About this task:
Make an exact copy of the entries below with the pictures removed.

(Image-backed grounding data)
--- START ---

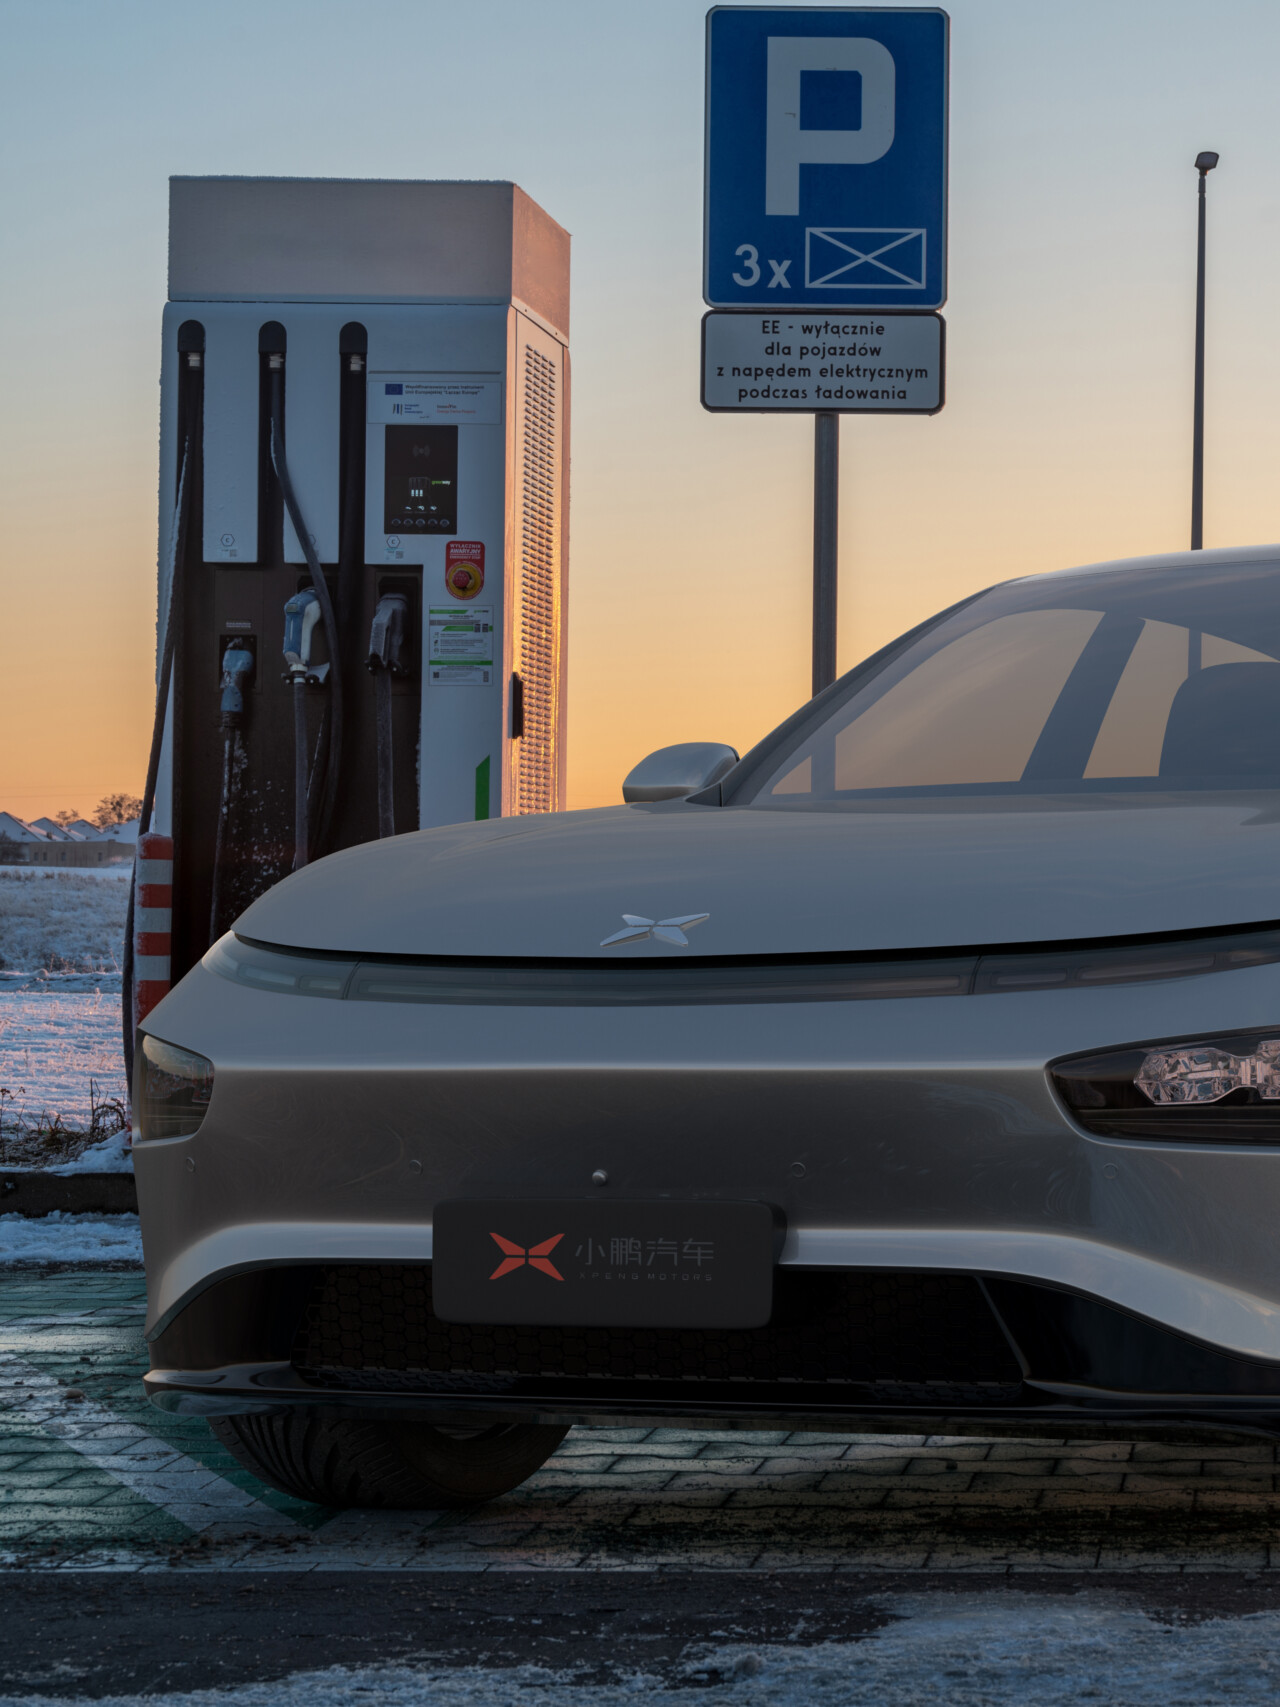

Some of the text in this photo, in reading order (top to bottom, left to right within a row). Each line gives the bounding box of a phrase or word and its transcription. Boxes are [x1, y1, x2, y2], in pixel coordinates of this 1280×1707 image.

[766, 36, 896, 216] P
[732, 243, 792, 289] 3x
[762, 320, 781, 335] EE
[801, 320, 885, 339] wyłącznie
[764, 342, 882, 361] dla pojazdów
[717, 364, 929, 383] z napędem elektrycznym
[738, 385, 908, 402] podczas ładowania
[575, 1237, 714, 1266] 小鹏汽车
[579, 1272, 713, 1281] XPENG MOTORS
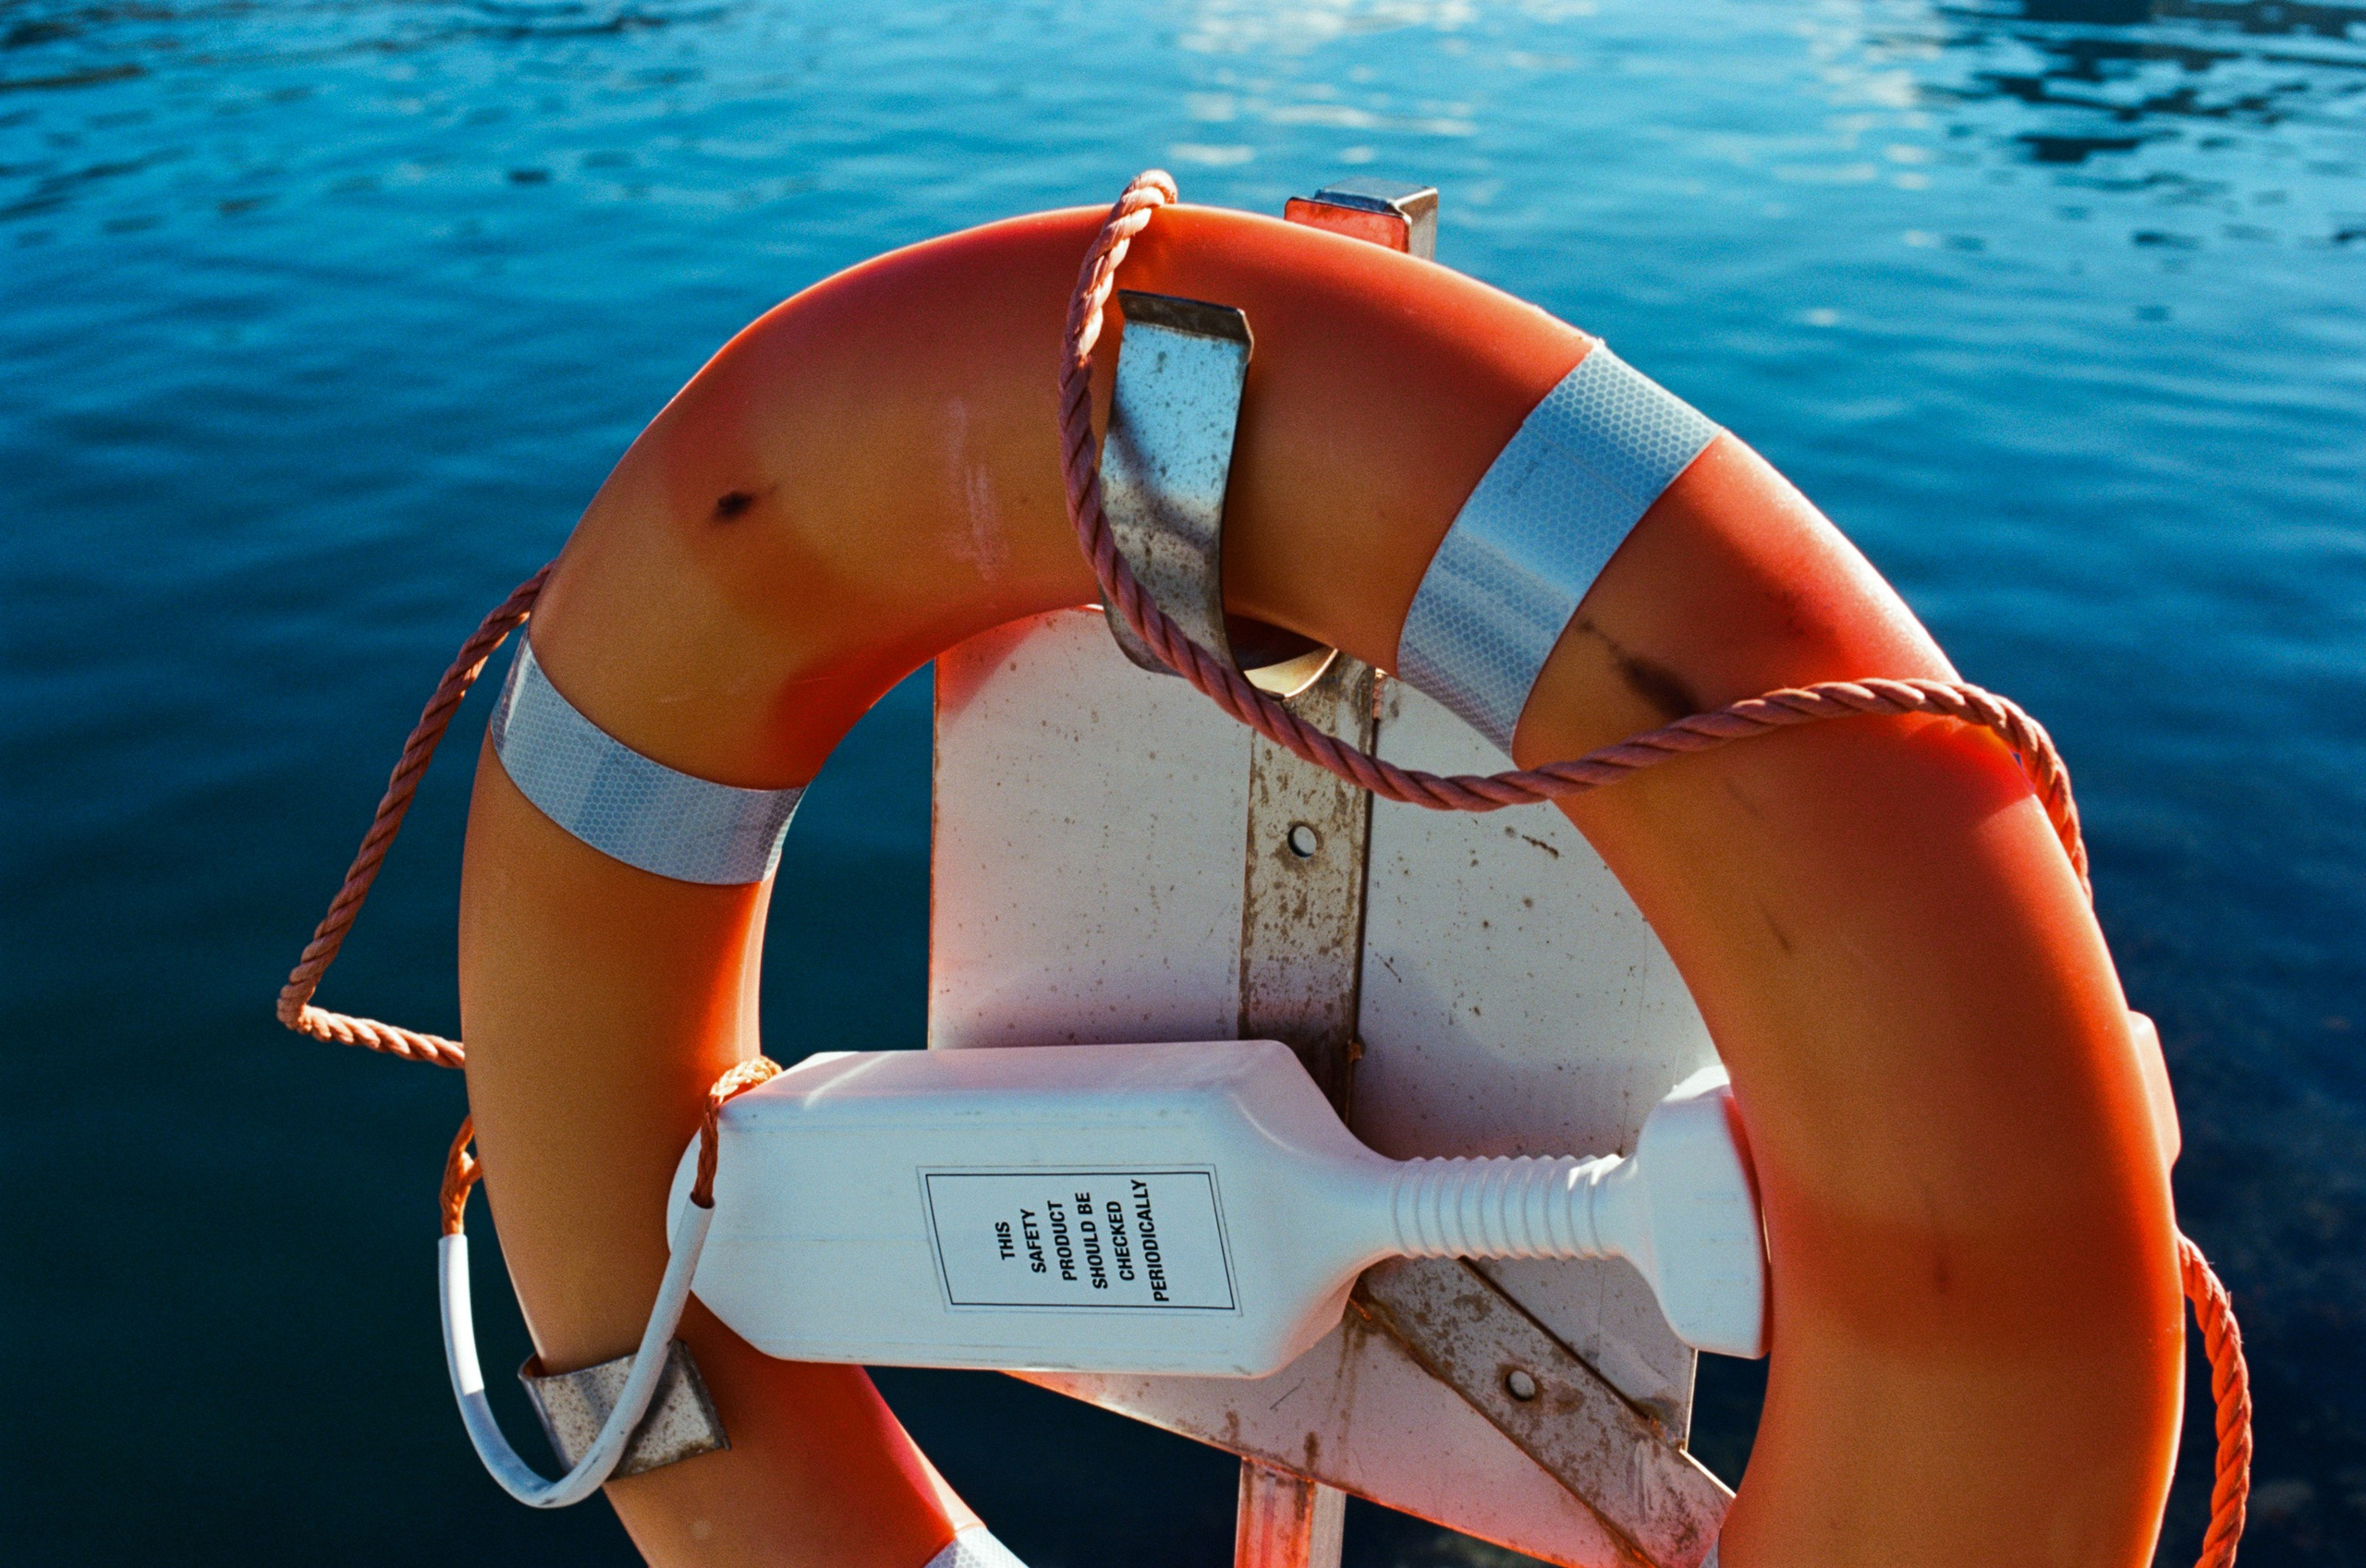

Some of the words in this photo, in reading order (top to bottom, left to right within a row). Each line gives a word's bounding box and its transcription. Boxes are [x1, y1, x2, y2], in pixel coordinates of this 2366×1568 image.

[1075, 1192, 1093, 1215] BE
[994, 1221, 1016, 1260] THIS
[1020, 1209, 1046, 1273] SAFETY
[1047, 1200, 1078, 1282] PRODUCT
[1080, 1221, 1108, 1290] SHOULD
[1105, 1201, 1135, 1282] CHECKED
[1130, 1179, 1170, 1302] PERIODICALLY

--- END ---

Worked solution:
Some of the text in this photo, in reading order (top to bottom, left to right within a row). Each line gives the bounding box of a phrase or word and its transcription. Boxes are [x1, y1, x2, y2], in pixel coordinates of this 1280×1707 image.

[766, 36, 896, 216] P
[732, 243, 792, 289] 3x
[762, 320, 781, 335] EE
[801, 320, 885, 339] wyłącznie
[764, 342, 882, 361] dla pojazdów
[717, 364, 929, 383] z napędem elektrycznym
[738, 385, 908, 402] podczas ładowania
[575, 1237, 714, 1266] 小鹏汽车
[579, 1272, 713, 1281] XPENG MOTORS

Some of the words in this photo, in reading order (top to bottom, left to right within a row). Each line gives a word's bounding box and its transcription. Boxes are [x1, y1, x2, y2], in pixel coordinates of this 2366×1568 image.

[1075, 1192, 1093, 1215] BE
[994, 1221, 1016, 1260] THIS
[1020, 1209, 1046, 1273] SAFETY
[1047, 1200, 1078, 1282] PRODUCT
[1080, 1221, 1108, 1290] SHOULD
[1105, 1201, 1135, 1282] CHECKED
[1130, 1179, 1170, 1302] PERIODICALLY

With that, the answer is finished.